Crise Covid: pourrait-on breveter le soleil? (carte blanche)

A propos d’open science, de bien commun, d’éthique (et politique) scientifique.

En pleine crise Covid-19, le Soir publie un article intitulé « Coronavirus: les gros bénéfices engrangés par l’ULiège sur les tests Covid suscitent le débat« . Celui-ci pose la question de savoir si « les bénéfices de l’opération doivent revenir aux pouvoirs publics à partir du moment où l’argent public a financé ces recherches« . « Le rapport qui a été présenté -note : au CA de l’ULiège- indique une recette de 32 millions d’€ pour quatre mois à peine d’activités et 12 millions de dépenses. Ce qui laisse 19 millions de bénéfices, dont une bonne partie va revenir à l’Université avec des clés de répartition des royalties générées par les trouvailles de ses chercheurs, réparties comme suit : 30 % pour l’institution, 30 % pour le laboratoire qui fabrique le produit, 30 % pour le ou les chercheurs qui l’ont inventé et 10 % pour Gesval, la société en interne qui gère les inventions de l’ULiège.« . « Selon les premières estimations, chacun des dix chercheurs à la base du nouveau procédé pourrait toucher sur 4 mois près de 250.000€, en plus de leur salaire.« .

Ces bénéfices, qui ont été engrangés sur 10 mois (et non 4) concernent, pour la plus grande partie, des rentrées générées par la vente de divers réactifs, tubes ou plaques multipuits (destinés aux analyses des écouvillons naso-pharyngés réalisées pour l’Etat), par les analyses RT-PCR sur échantillons naso-pharyngés ou de salive, de même que, dans une moindre proportion, par la vente des tests salivaires créés par l’université. Des brevets ont également été déposés (kits d’extraction, kits salivaires).

Rétroactes.

Dès février 2020, tous les scientifiques sont sur le front de ce qui constitue sans doute l’un des plus grands drames humains de ces 50 dernières années : plus de 22.000 morts liés au Covid-19 aujourd’hui en Belgique, 2.265.000 dans le monde. Par rapport à novembre 2019, le chômage a augmenté de 1,795 million de personnes dans l’UE et de 1,425 million dans la zone euro. Les faillites se multiplient partout dans le monde à un tel point que, en Belgique, deux moratoires successifs de l’Etat les gèlent (!) « En 2020, le nombre de dépôts de bilan a chuté en raison du choix du gouvernement fédéral d’instaurer des moratoires, l’un durant le premier confinement, le deuxième en fin d’année.
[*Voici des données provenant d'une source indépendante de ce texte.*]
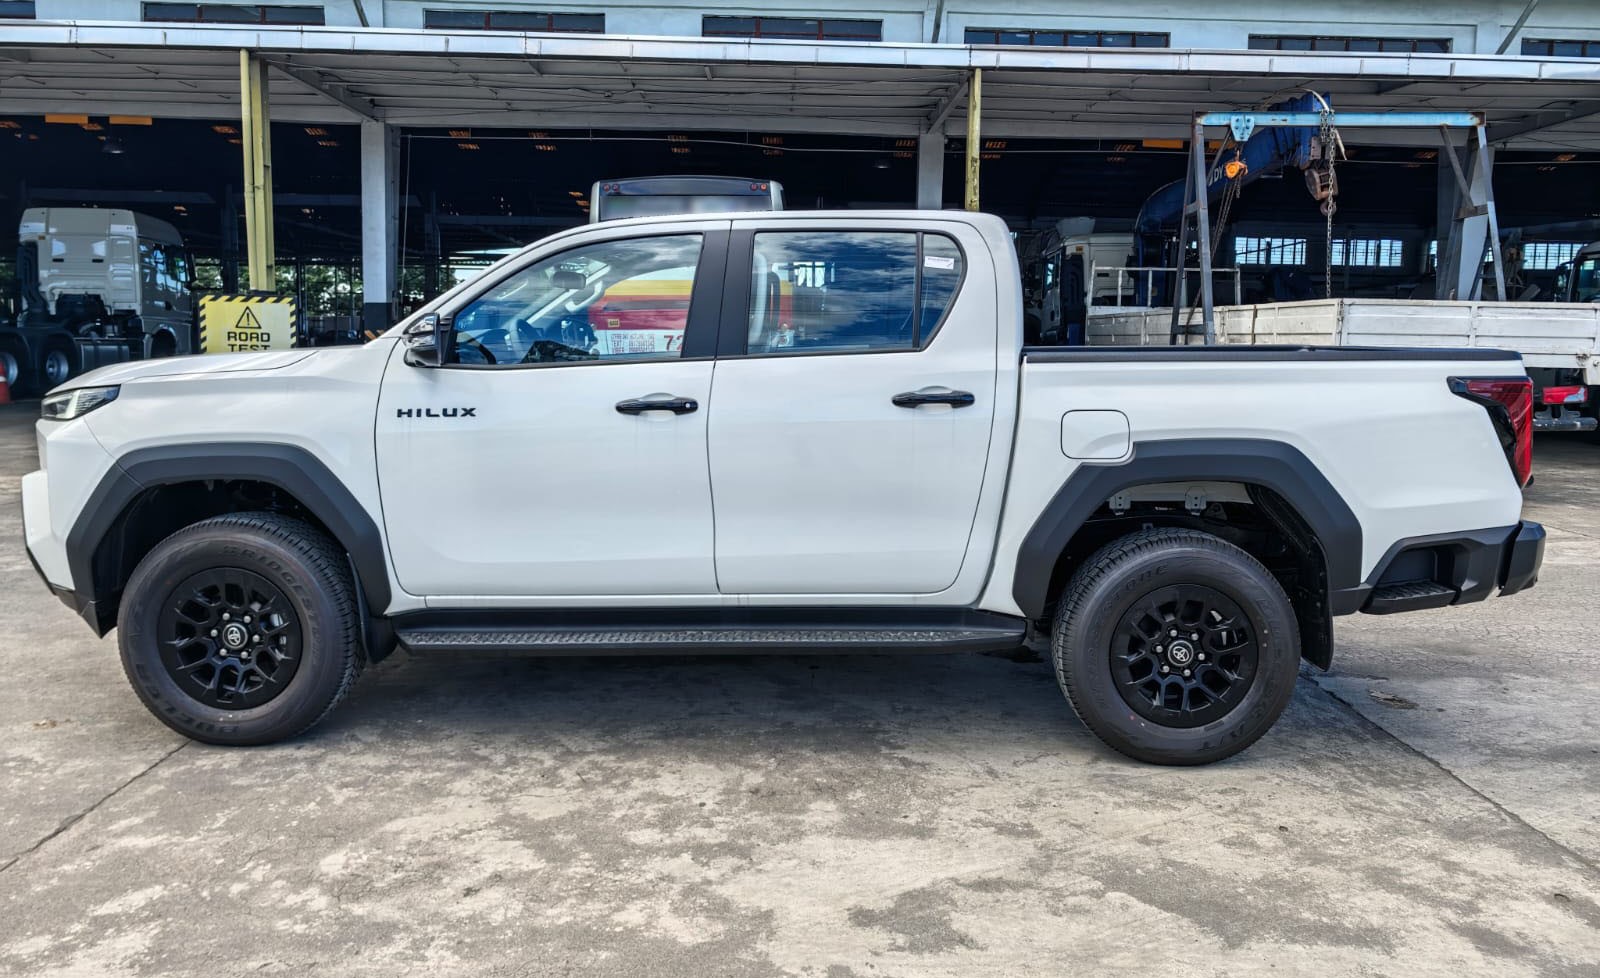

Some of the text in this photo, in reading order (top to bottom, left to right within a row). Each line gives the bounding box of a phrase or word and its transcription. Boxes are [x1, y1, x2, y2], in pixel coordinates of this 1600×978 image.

[227, 331, 271, 342] ROAD
[228, 343, 271, 352] TEST
[396, 407, 477, 418] HILUX
Avec ce mécanisme, les faillites sont gelées. « Les grosses institutions telles que l’ONSS, la TVA, l’Etat, mais également les parquets, qui introduisent énormément d’actions en faillite, n’ont plus pu le faire », confirme Etienne Hody, président des divisions Namur et Dinant au Tribunal de l’entreprise de Liège.« . Le même article précise que, à l’arrêt des moratoires, « les citations en faillite vont reprendre dans quelques semaines, voire mois. Les différents gouvernements n’accorderont plus d’aide. La situation pourrait alors s’aggraver avec un afflux de faillite. Le bureau d’études Graydon redoute d’ailleurs le pire, et envisage jusqu’à 50.000 faillites en raison de la crise du Covid19« . Enfin, une question écrite à la Commission européenne en date du 09 novembre 2020 relate la crainte d’une augmentation importante du nombre de suicides « Dans plusieurs pays européens et dans le monde entier, nous assistons à une augmentation inquiétante du nombre de cas de suicide depuis le début de la pandémie COVID-19. L’OMS et diverses études internationales ont confirmé cette tendance, également observée dans d’autres situations d’urgence mondiales, comme celle du Sars. Ils soulignent que l’isolement social, la peur de la contagion, l’incertitude, le stress chronique et les difficultés économiques liées à la pandémie COVID-19 ne sont que quelques-unes des conditions qui peuvent conduire au développement ou à l’exacerbation des troubles dépressifs et augmenter le taux de suicide.« .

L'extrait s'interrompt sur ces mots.